Paul T. Jaeger, Ph.D., J.D., M.Ed., M.L.S.
Dr. Paul Jaeger is a professor in the College of Information Studies and Co-Director of the Museum Scholarship and Material Culture graduate certificate program at the University of Maryland. He studies the impacts of law and policy on information access, behavior, and accessibility, with a focus on civil rights and human rights, and is the author of more than 200 journal articles and book chapters, as well as 20 books. He served for six years as co-chair of the President’s Commission on Disability Issues, is an editor of Library Quarterly and an executive editor of Including Disability. He is the co-founder and co-chair of the Including Disability Global Summit (the Disability Summit), and he was the inaugural recipient in 2014 of the Library Journal/ALISE Excellence in Teaching Award.
J. Bern Jordan, Ph.D.
Dr. J. Bern Jordan is an assistant research scientist in the College of Information Studies. His work focuses on accessibility and its practical applications, working to improve both the technology side and accessibility standards and practice. His projects have involved web and document accessibility, automatic configuration and generation of interfaces, screening for photosensitive epilepsy hazards, and the accessibility of self-service transaction machines, kiosks, and other public ICT. Dr. Jordan has worked with various U.S. agencies and organizations on accessibility, including the U.S. Access Board, U.S. National Library Service for the Blind and Print Disabled, U.S. Capitol Visitors Center, Smithsonian Air & Space Museum, FDIC, NIST, IEEE, W3C, UL Standards & Engagement, and the FCC Disability Advisory Committee. He has recently been consulting on the accessibility of at-home tests, apps, videos, and instructions for COVID-19 for the RADx Tech initiative of the National Institute of Biomedical Imaging and Bioengineering (NIBIB), National Institutes of Health (NIH).

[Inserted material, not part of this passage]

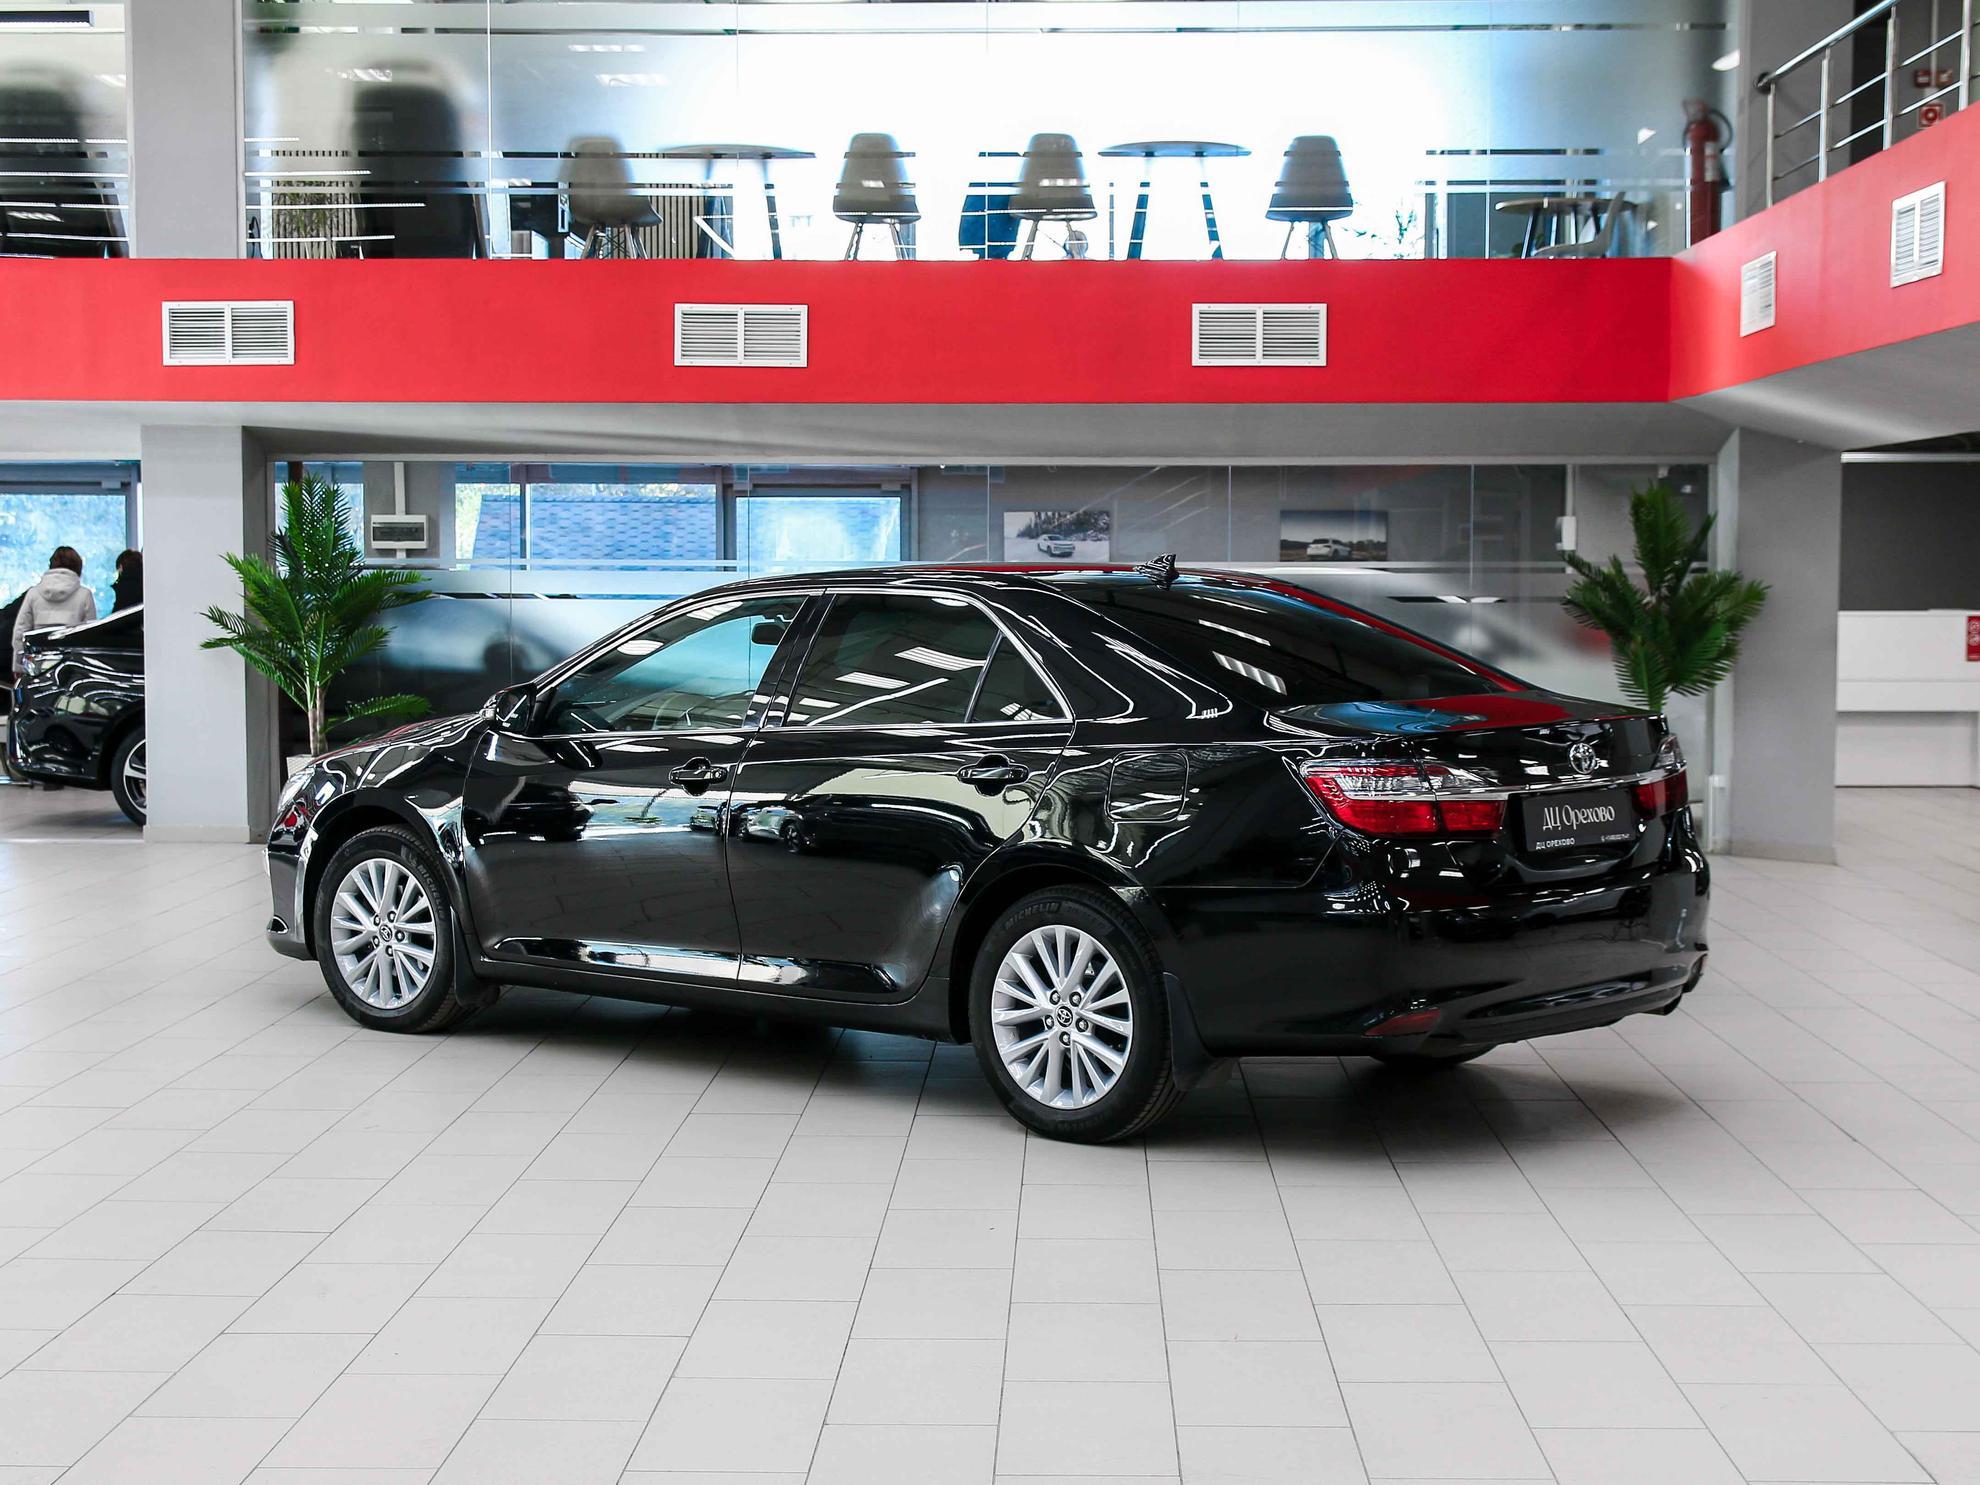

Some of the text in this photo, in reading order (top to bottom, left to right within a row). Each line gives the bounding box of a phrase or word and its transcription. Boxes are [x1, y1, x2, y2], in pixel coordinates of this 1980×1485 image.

La Marr Jurelle Bruce, Ph.D.
Dr. La Marr Jurelle Bruce (B.A. Columbia, Ph.D. Yale) is an interdisciplinary humanities scholar, literary and cultural theorist, Black/black studies devotee, first-generation college graduate, and Associate Professor of American Studies at the University of Maryland, College Park. His scholarship centers black expressive cultures—spanning literature, film, music, theatre, and the art and aesthetics of quotidian black life. A Ford Foundation Fellow and Mellon-Mays Fellow, he also works in disability studies, mad studies, popular culture, queer theory, performance theory, and psychoanalysis.

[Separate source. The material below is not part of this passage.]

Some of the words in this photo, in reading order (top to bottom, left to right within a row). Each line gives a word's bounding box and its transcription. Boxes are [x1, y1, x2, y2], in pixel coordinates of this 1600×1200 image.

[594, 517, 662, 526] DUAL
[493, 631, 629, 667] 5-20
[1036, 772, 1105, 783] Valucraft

Dr. Bruce’s writing is featured or forthcoming in African American Review, American Quarterly, The Black Scholar, GLQ, Social Text, TDR, and several anthologies. His debut book, How to Go Mad without Losing Your Mind: Madness and Black Radical Creativity (Duke University Press), earned the MLA Prize for a First Book from the Modern Language Association and the Nicolás Cristóbal Guillén Batista Outstanding Book Award from the Caribbean Philosophical Association. Now he’s in the thick of two projects. The first unfurls a critical theory, cultural history, aesthetic expression, and existential assertion of black love outside. The second is a study of—and an experiment in—convergences of love and madness.
Hernisa Kacorri, Ph.D.
Dr. Hernisa Kacorri, PhD is an Associate professor in the College of Information Studies and an affiliate Associate professor in the Department of Computer Science. She is the director of the Intelligent Assistive Machines (IAM) Lab, where her research focuses on AI-infused technologies that can benefit the disability community. She has published more than 45 refereed articles in journals, conference proceedings, and edited books, and has received 7 best paper/honorable mention awards in ACM and IEEE venues. She is a recipient of a Mina Rees Dissertation Fellowship in the Sciences and she has been recognized by the Rising Stars in EECS program of CMU/MIT.

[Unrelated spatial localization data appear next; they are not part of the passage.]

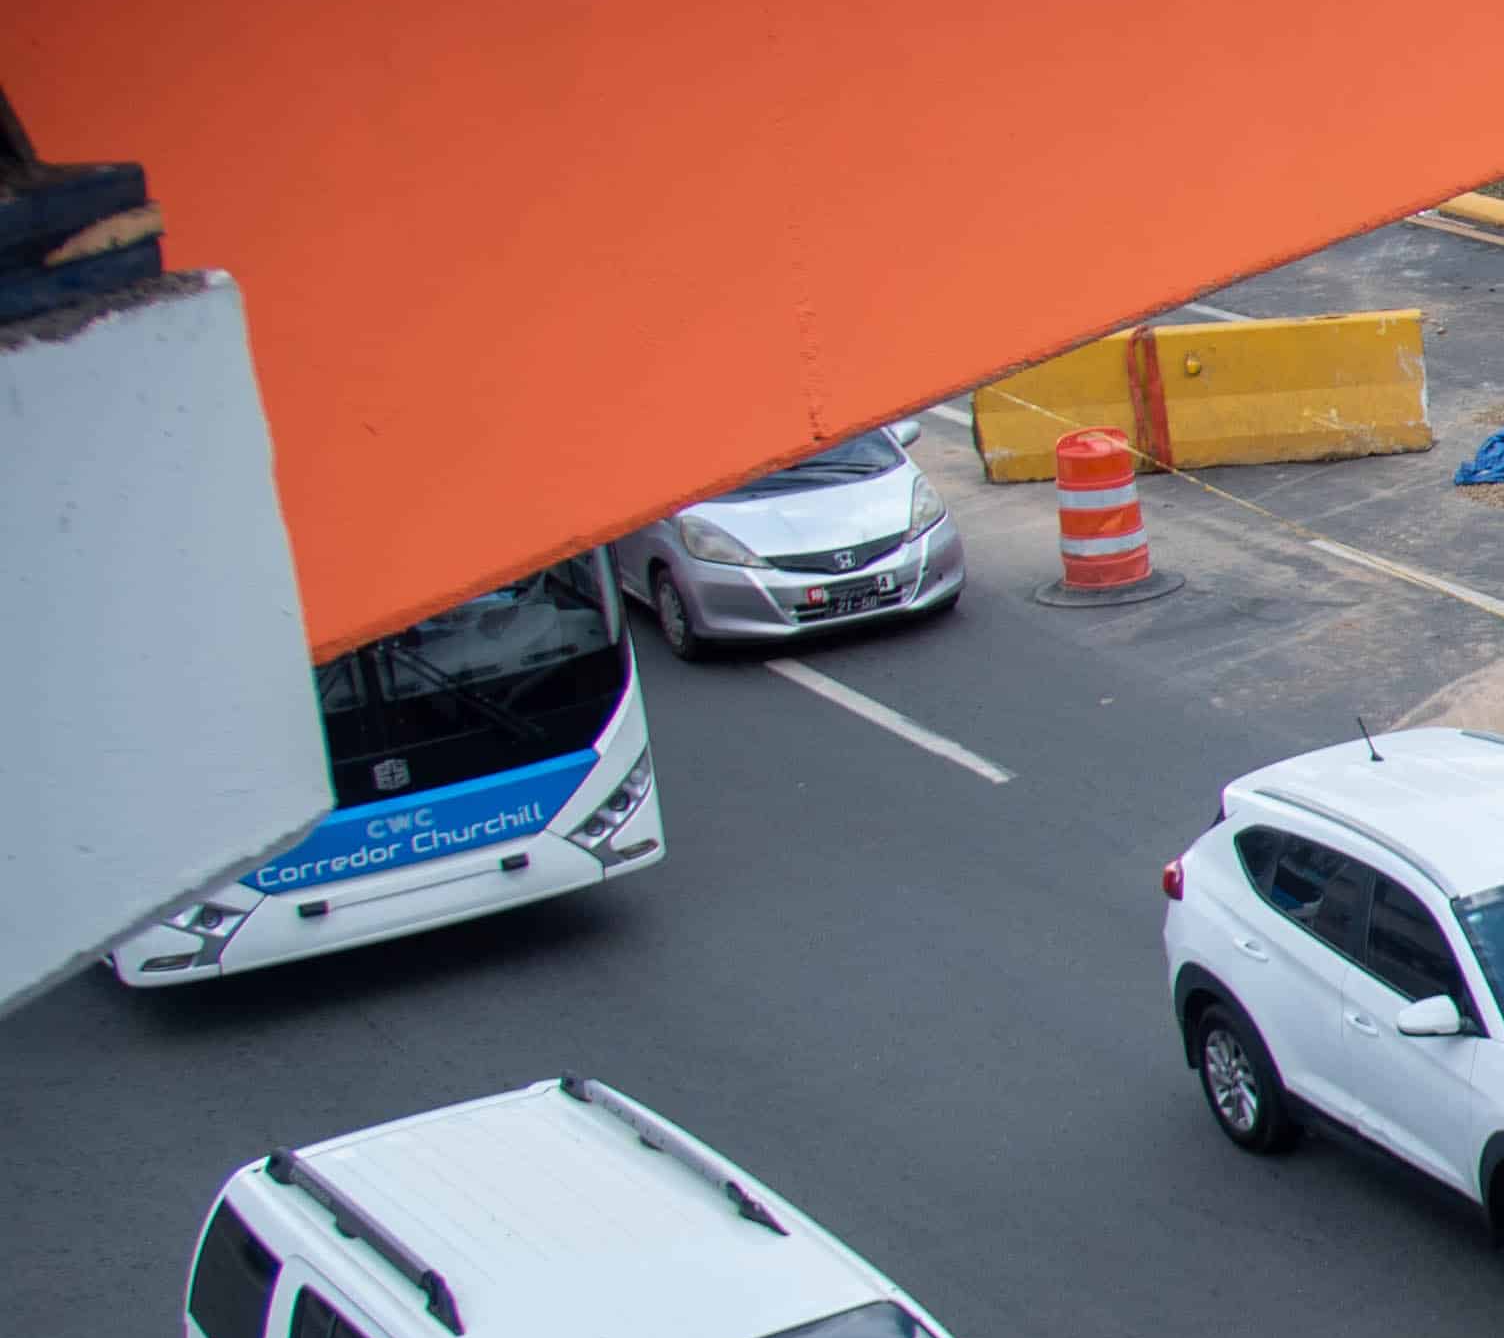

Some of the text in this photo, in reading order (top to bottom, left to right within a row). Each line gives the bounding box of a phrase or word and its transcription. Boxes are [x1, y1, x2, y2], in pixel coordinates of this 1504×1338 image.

[257, 801, 544, 888] Corredor Churchill
[366, 808, 433, 839] CWC
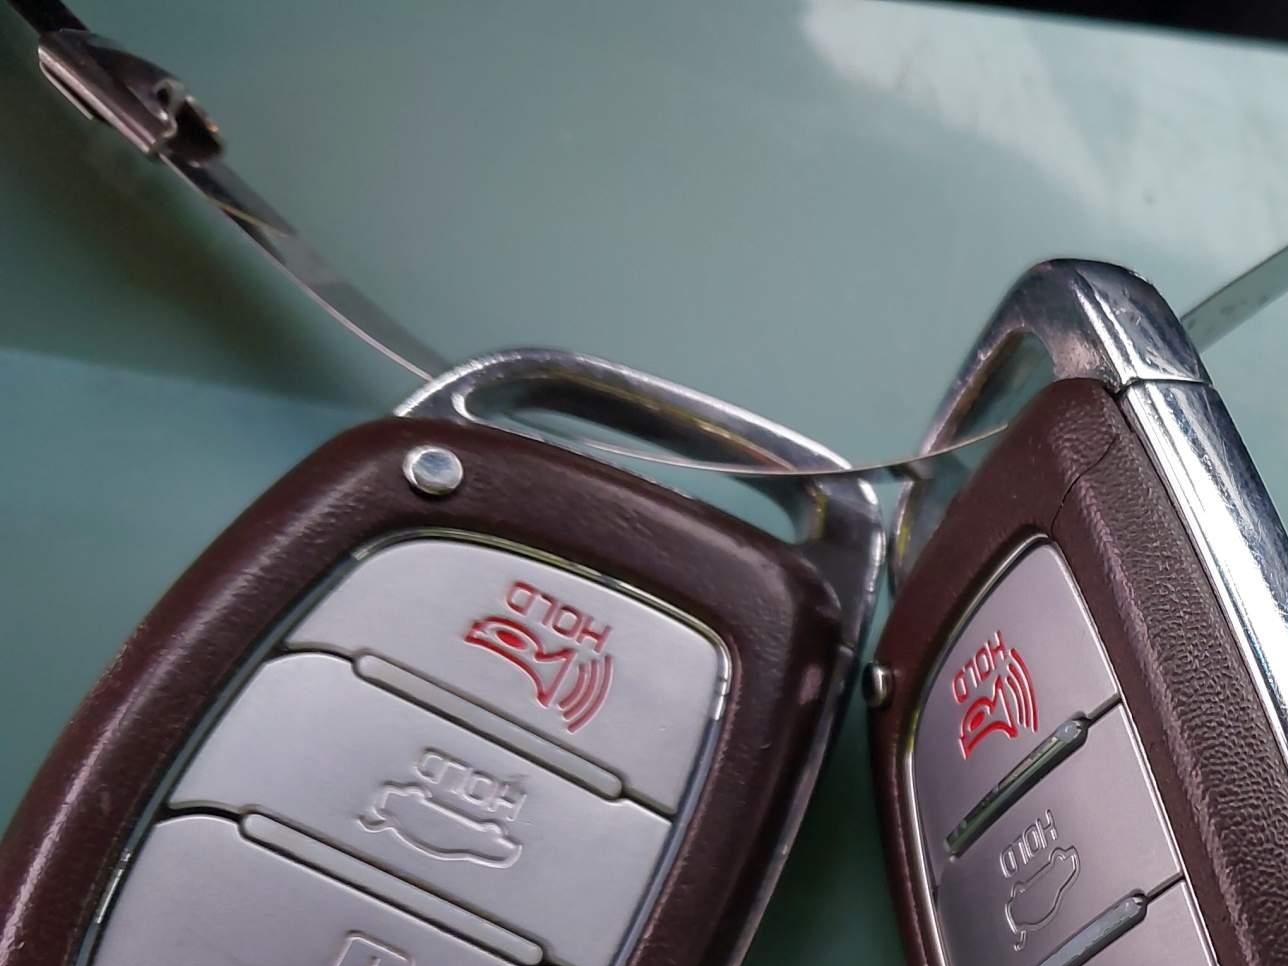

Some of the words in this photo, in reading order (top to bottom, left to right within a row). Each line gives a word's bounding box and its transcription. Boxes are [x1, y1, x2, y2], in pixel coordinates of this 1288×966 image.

[506, 581, 612, 654] HOLD
[952, 630, 1007, 704] HOLD
[413, 747, 527, 822] HOLD
[999, 809, 1058, 878] HOLD

Kacorri Google Scholar, IAM lab, & Kacorri’s personal website
Vaishnav Kameswaran, Ph.D.
Vaishnav is a postdoctoral researcher with the Values-Centered AI initiative at the University of Maryland, College Park. His research takes a community-centered approach to examine the AI divide i.e. the unequal access, utilization and effects of AI on people with disabilities. His work has been published in leading HCI venues including CHI, CSCW, ASSETS and FAccT and has won several awards.
Amanda Lazar, Ph.D.
Dr. Amanda Lazar, (no relation to Jonathan Lazar), is an assistant professor in the College of Information Studies and an affiliate assistant professor in the Department of Computer Science. Through her research she and her team at The Health, Aging, and Technology Lab (THAT Lab) are seeking to better understand accessible technology design for people with age-related cognitive impairment and addressing the need for new ways of designing technology that includes people with dementia at all stages of the process. She has published more than 50 refereed articles in journals, conference proceedings, and edited books and her work has received 13 best paper and honorable mention awards. Dr. Lazar was the recipient of the 2021 Mentor of the Year Award from the University of Maryland.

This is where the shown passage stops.